Sex-Dependent Variations in Hypothalamic Fatty Acid Profile and Neuropeptides in Offspring Exposed to Maternal Obesity and High-Fat Diet Mayara da Nóbrega Baqueiro, Laís Angélica de Paula Simino, João Paulo Costa, Carolina Panzarin, Andressa Reginato, et al. Nutrients, 2024 Maternal obesity and/or high-fat diet (HF) consumption can disrupt appetite regulation in their offspring, contributing to transgenerational obesity and metabolic diseases. As fatty acids (FAs) play a role in appetite regulation, we investigated the maternal and fetal levels of FAs as potential contributors to programmed hyperphagia observed in the offspring of obese dams. Female mice were fed either a control diet (CT) or HF prior to mating, and fetal and maternal blood and tissues were collected at 19 days of gestation. Elevated levels of linoleic acid were observed in the serum of HF dams as well as in the serum of their fetuses. An increased concentration of eicosadienoic acid was also detected in the hypothalamus of female HF-O fetuses.
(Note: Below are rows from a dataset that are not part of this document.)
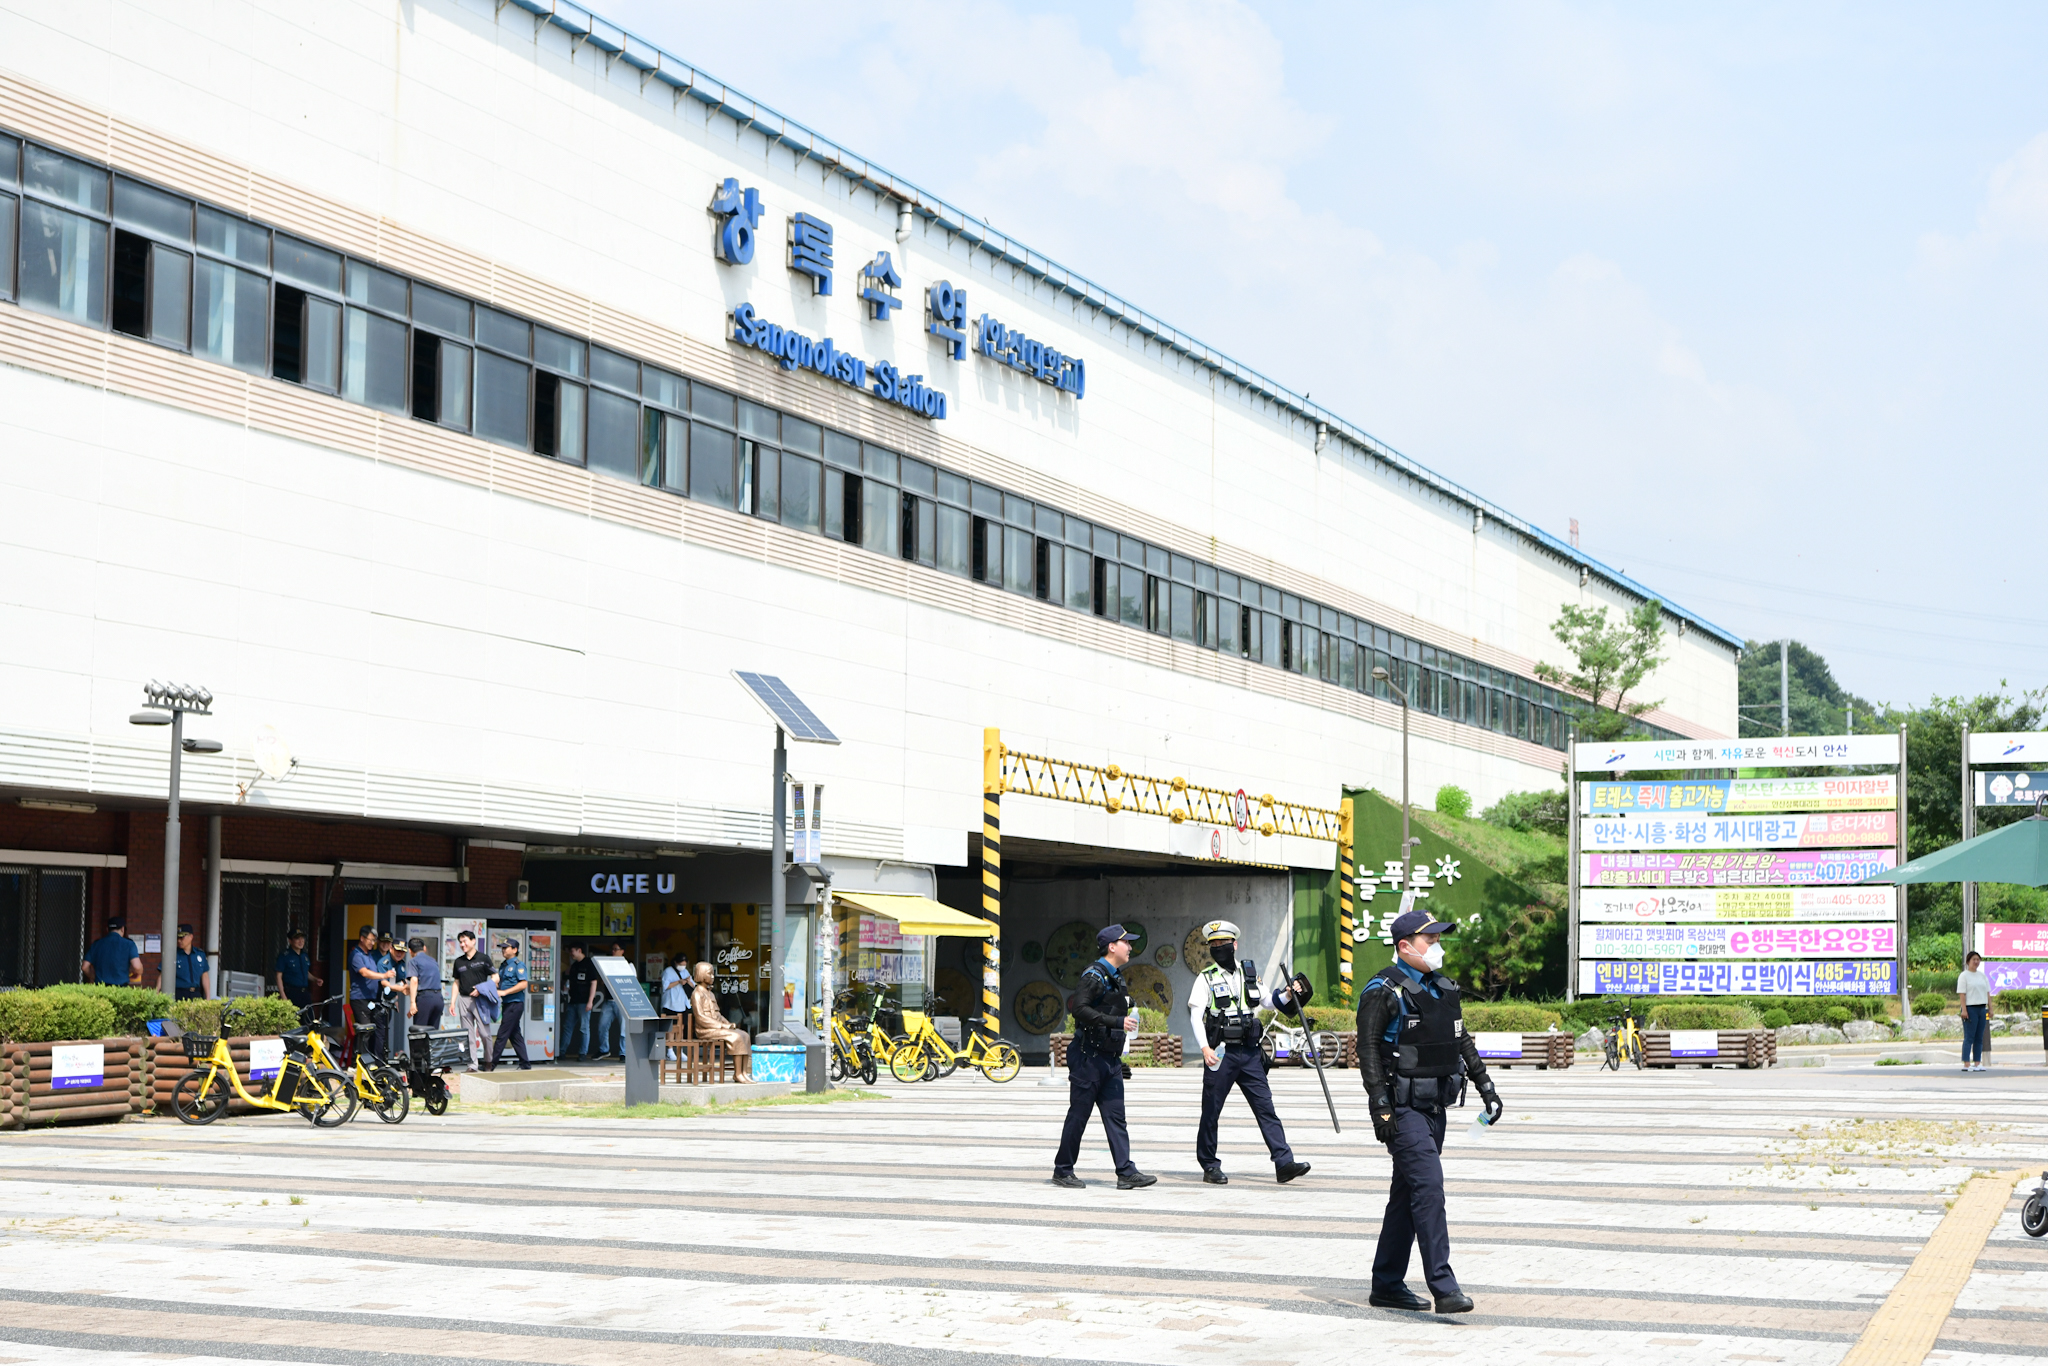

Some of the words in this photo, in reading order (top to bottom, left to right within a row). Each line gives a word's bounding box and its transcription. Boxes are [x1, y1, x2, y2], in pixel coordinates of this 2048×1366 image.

[714, 178, 967, 361] 상록수역
[735, 302, 867, 388] Sangnoksu
[873, 359, 947, 420] Station
[1654, 749, 1687, 761] 시민과
[1721, 747, 1767, 759] 자유로운
[1772, 745, 1817, 758] 혁신도시
[1823, 744, 1848, 757] 안산
[1824, 780, 1889, 795] 무이자할부
[1592, 786, 1634, 809] 토레스
[1638, 785, 1667, 809] 즉시
[1669, 784, 1725, 809] 출고가능
[1714, 820, 1798, 843] 게시대광고
[1831, 815, 1886, 831] 준디자인
[590, 872, 649, 894] CAFE
[656, 873, 675, 894] U
[1353, 861, 1435, 901] 늘푸른
[1669, 870, 1709, 884] 큰방3
[1604, 902, 1633, 913] 조가네
[1595, 928, 1643, 941] 휠체어타고
[1688, 928, 1726, 941] 옥상산책
[717, 946, 753, 965] Coffee
[1594, 944, 1683, 955] 010-3401-5967
[1698, 944, 1726, 955] 한대앞역
[1597, 963, 1659, 984] 엔비의원
[1815, 963, 1891, 981] 485-7550
[1605, 984, 1623, 993] 안산
[1625, 984, 1650, 993] 시흥점
HF-O male fetuses showed increased hypothalamic neuropeptide Y (Npy) gene expression, while HF-O female fetuses showed decreased hypothalamic pro-opiomelanocortin (POMC) protein content. Both male and female fetuses exhibited reduced hypothalamic neurogenin 3 (NGN-3) gene expression. In vitro experiments confirmed that LA contributed to the decreased gene expression of Pomc and Ngn-3 in neuronal cells. During lactation, HF female offspring consumed more milk and had a higher body weight compared to CT. In summary, this study demonstrated that exposure to HF prior to and during gestation alters the FA composition in maternal serum and fetal serum and hypothalamus, particularly increasing n-6, which may play a role in the switch from POMC to NPY neurons, leading to increased weight gain in the offspring during lactation.